Durante una delle prime corse più brevi che precedettero la Wasatch 100 Front, una gara di vera montagna, il direttore di gara Richard Barnum-Reece, disse agli atleti che avrebbero trovato delle bottigliette d’acqua a bordo strada durante la competizione.
La corsa, della durata di 5 ore circa per il vincitore era già considerata di per se follia. La giornata fu particolarmente calda e nessun corridore riuscì ad arrivare all’arrivo salvandosi dalla disidratazione.

When we chided him about the lack of water, he just laughed and said: “Those son-of-a-bitch motorcyclists must have kicked the water jugs off the road!”  It was kind of funny and no one was upset.  It felt more like we were ultimately responsible for our own fluids and that his efforts to provide water were a bonus rather than something any of us depended on for our well-being.

Insomma, dei motociclisti “figlidiputtana” avevano calciato via le bottigliette dal sentiero. Ma, come racconta uno dei partecipanti alla corsa, nessuno era veramente arrabbiato, nessuno era triste, faceva parte del gioco e dell’attitudine di chi pratica l’ultrarunning. L’aspetto più intelligente che ne emerse fu che non potevi incazzarti con gli altri per l’acqua, se ne volevi, dovevi arrangiarti e pensare a te stesso. Se poi trovavi qualche ristoro, tanto meglio. L’idea di doversi arrangiare trasportando con sé l’acqua però fu – a mio avviso – rivoluzionaria, sebbene piuttosto lampante e logica. Bere acqua arrangiandosi a portarsela o accettare la disidratazione, potevi scegliere.

I corridori iniziarono quindi a correre con le bottigliette di acqua in mano.
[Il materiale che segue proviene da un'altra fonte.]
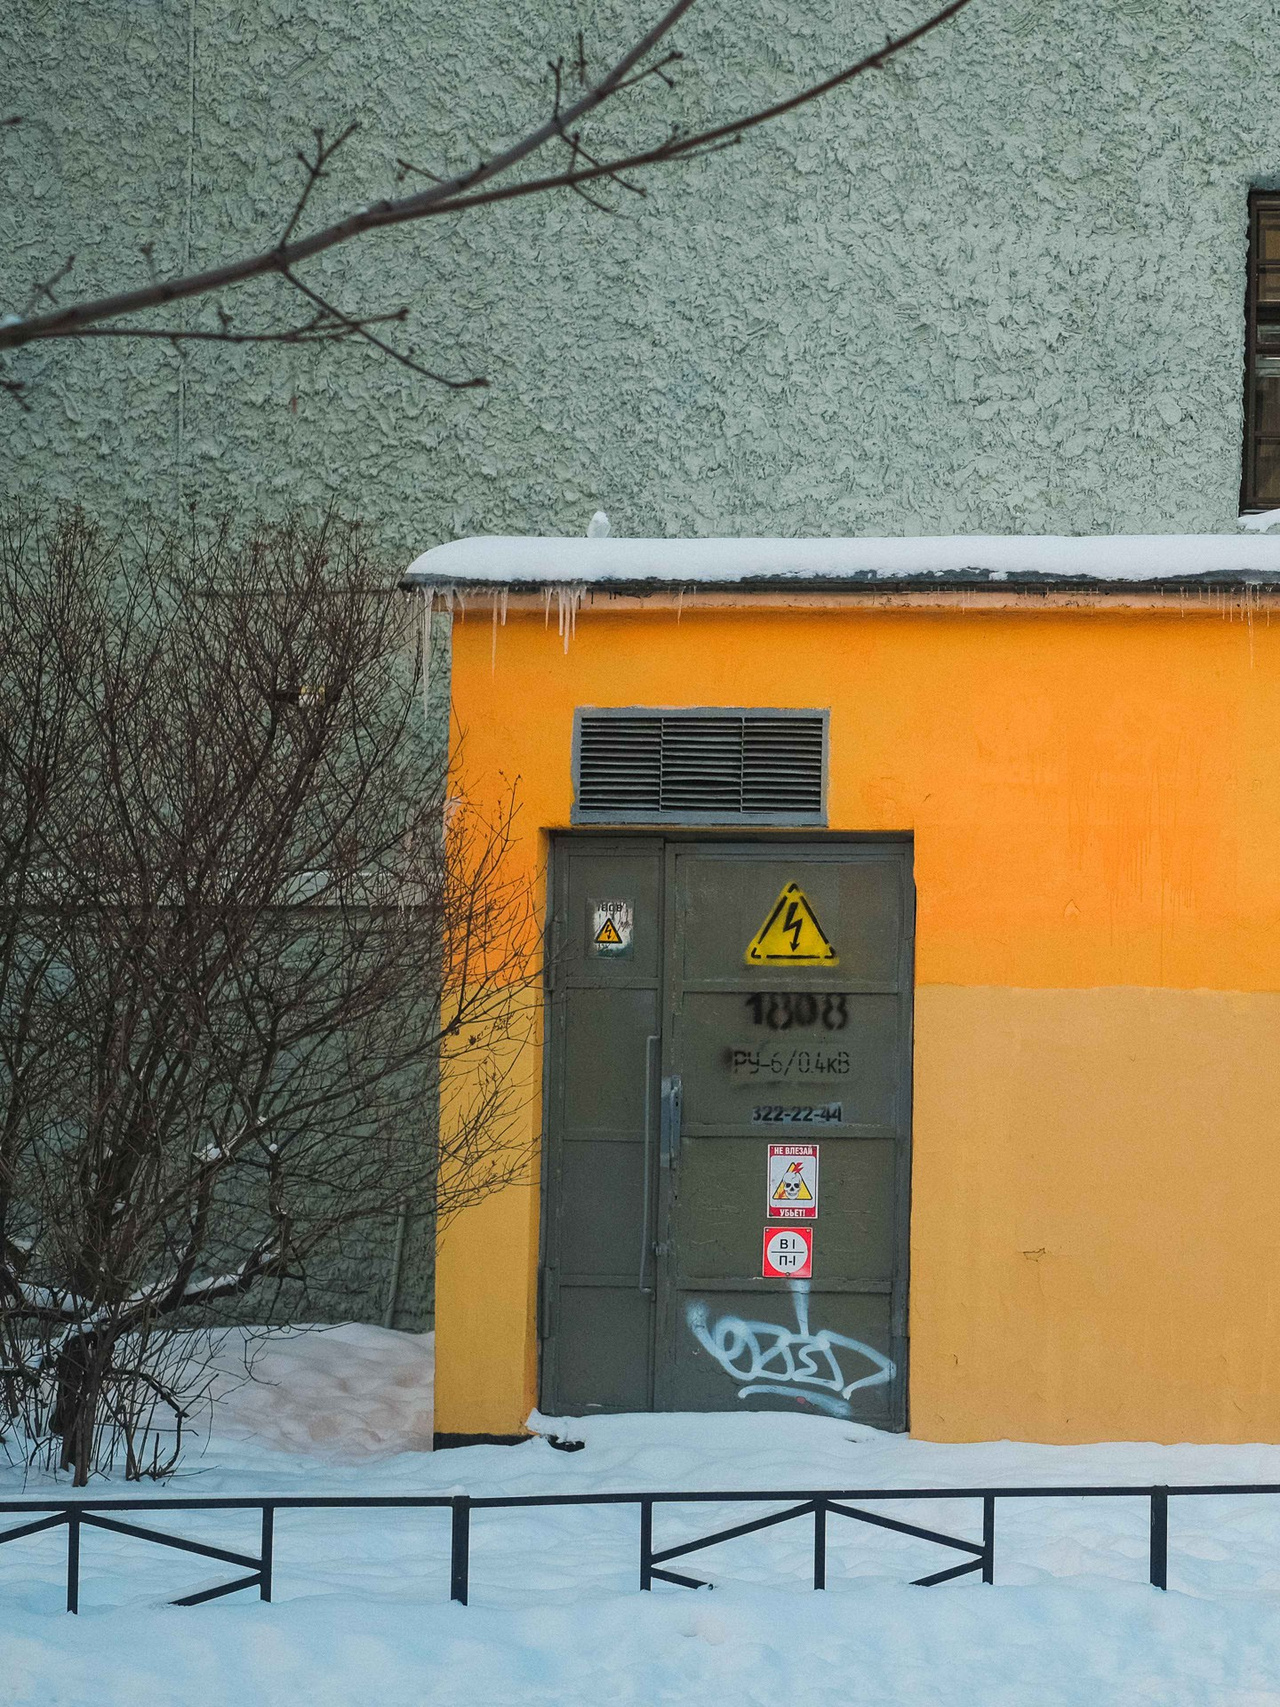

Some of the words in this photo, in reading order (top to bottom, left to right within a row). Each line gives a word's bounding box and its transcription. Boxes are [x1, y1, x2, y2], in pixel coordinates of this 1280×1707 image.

Poi, per la comodità di non avere il tappo da svitare ogni volta si passò alle borracce. Da lì le aziende vennero incontro al bisogno dei corridori e crearono i sistemi che vedremo venerdì prossimo.

Ma la vera domanda che sorge alla fine di questo pezzo, alla quale da anni non so rispondere è:

Perché su strada ancora ci sono i bicchieri usa e getta ai ristori? Pensate le tonnellate di inquinamento di materiale ogni settimana sommando tutte le corse che si corrono su strada al mondo. Non potremo evitare tutto questo inquinamento inutile?